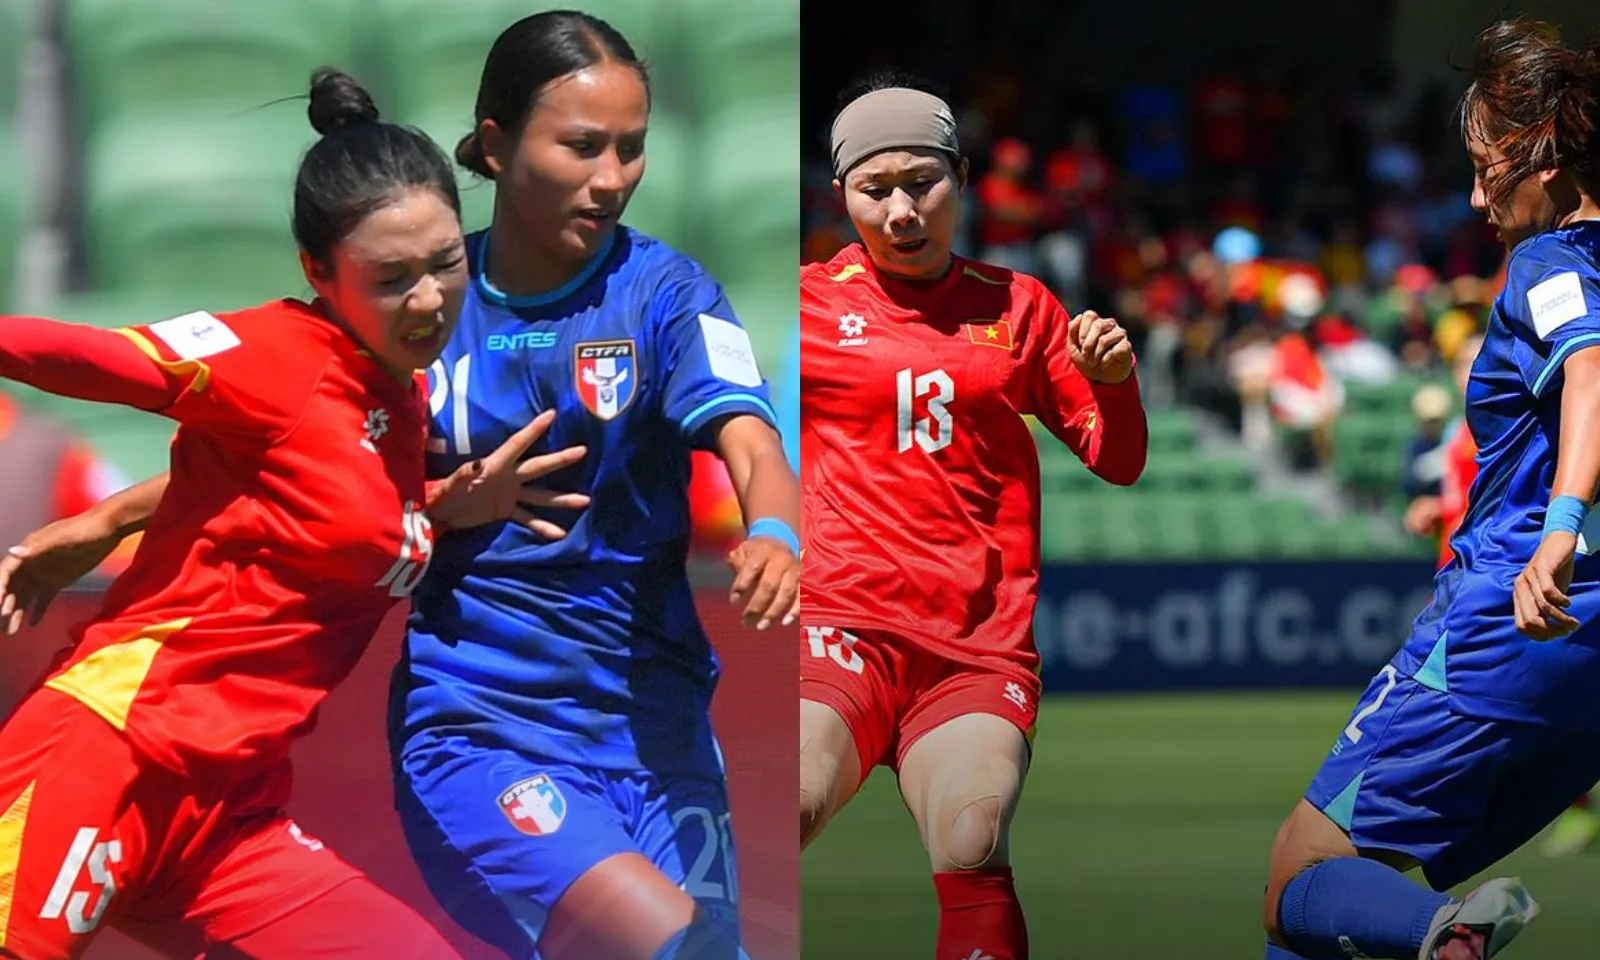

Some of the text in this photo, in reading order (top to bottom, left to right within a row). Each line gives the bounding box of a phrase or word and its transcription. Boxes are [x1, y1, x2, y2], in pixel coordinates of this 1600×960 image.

[487, 332, 557, 350] ENTES
[581, 346, 629, 357] CTFA
[896, 367, 955, 454] 13
[374, 500, 434, 597] 15
[38, 827, 123, 934] 15

Task to complete — Without the images, write out each line of the data verbatim.

Result below —
Some of the text in this photo, in reading order (top to bottom, left to right within a row). Each line gives the bounding box of a phrase or word and its transcription. Boxes are [x1, y1, x2, y2], in pixel coordinates of this 1600×960 image.

[487, 332, 557, 350] ENTES
[581, 346, 629, 357] CTFA
[896, 367, 955, 454] 13
[374, 500, 434, 597] 15
[38, 827, 123, 934] 15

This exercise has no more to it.